I picked Millia, like I said before, and everybody knows how to fight Millia. I actually struggled a lot when the game first came out. I felt personally, for my standards, that I was really inconsistent. I was all over the place, so I really had to step back and try to to solve my personal problems in the game. I think that’s the way you get good at fighting games in general, you recognize your problems and solve your problems. I don’t really see people doing that, like newer or mid-level players doing that. They just play, find setups, play more. But if you play and are satisfied with the status quo, you’re going to get better, sure, but you’re not going to get really good. Every time I had a problem, I would try to fix it.

Once the ArcRevo qualifiers were announced, I was really, really motivated; I was like, “This is what I need to do with Millia to be good with her, and this is how I’m going to go about it.” Definitely playing with my scene here in the Northeast helped a lot thanks to the super good players here. And, you guys know I’m a really big lab monster and video watcher, and luckily one of the best players played my character also.

2GB: I just want to add I was struggling with the game because I was trying to play like it’s Under Night, but that just definitely doesn’t work. In that game, you don’t want to press too many buttons. It’s better to just block until you have vorpal. In Guilty Gear, sometimes, you just have to do it, and it took me awhile to be okay with that again.

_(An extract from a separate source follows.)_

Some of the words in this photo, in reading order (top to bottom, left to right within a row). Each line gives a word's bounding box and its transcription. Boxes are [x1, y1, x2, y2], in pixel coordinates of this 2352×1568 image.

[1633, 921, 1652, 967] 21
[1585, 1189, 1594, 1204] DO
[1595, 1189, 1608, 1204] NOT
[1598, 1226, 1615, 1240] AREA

LK: I definitely feel the same way too. Persona was probably the most offensive game I had to play. With no good DP, I have to be content with just blocking and learning how to block properly. In Guilty Gear, offense is different, neutral is different, like everything is different. BlazBlue and Persona are kind of similar, so jumping to Persona from BlazBlue wasn’t hard since Persona is simpler at face value than Blazblue. Guilty Gear is much more complex. If somebody just lays the system mechanics in front of you, Guilty Gear is a way more complex game, and how you go about doing things is just different.

2GB: I would agree with that. I also think the way Guilty Gear players play, their game is way different than like BlazBlue and Persona players, so it does take awhile to get used to that kind of style. Everything is different than how a BlazBlue player would play. It’s easy to tell who is an OG Guilty Gear player and who comes from another game. I think it’s kind of interesting there are these different playstyles that are somewhat viable.

Do you have any last thoughts for the readers out there? Any special message to the BlazBlue team?

LK: I’m gonna plug CEOtaku, everyone should go, especially on the east coast. I’m also going to plug [Esteban Martinez]’ FGC film, I think it’s going to be out in September-October. You should watch it, I’m in it, so it’s going to be great. Everyone should watch it. My message to the BlazBlue team is don’t let Nakkiel decide the team order, because you will get messed up.

GC: Just wish us luck, we’ll do our best! To the BlazBlue team, they’re incredibly good. I came up with our name, The John Cena Cheerleading Squad, because we’ll be cheering for them essentially, but we’re trying to pull weight too!

2GB: Please support Under Night In-Birth Exe:Late, keep on playing that game, it’s good! To the BlazBlue team, I think you guys actually have a really good shot. Go all the way guys.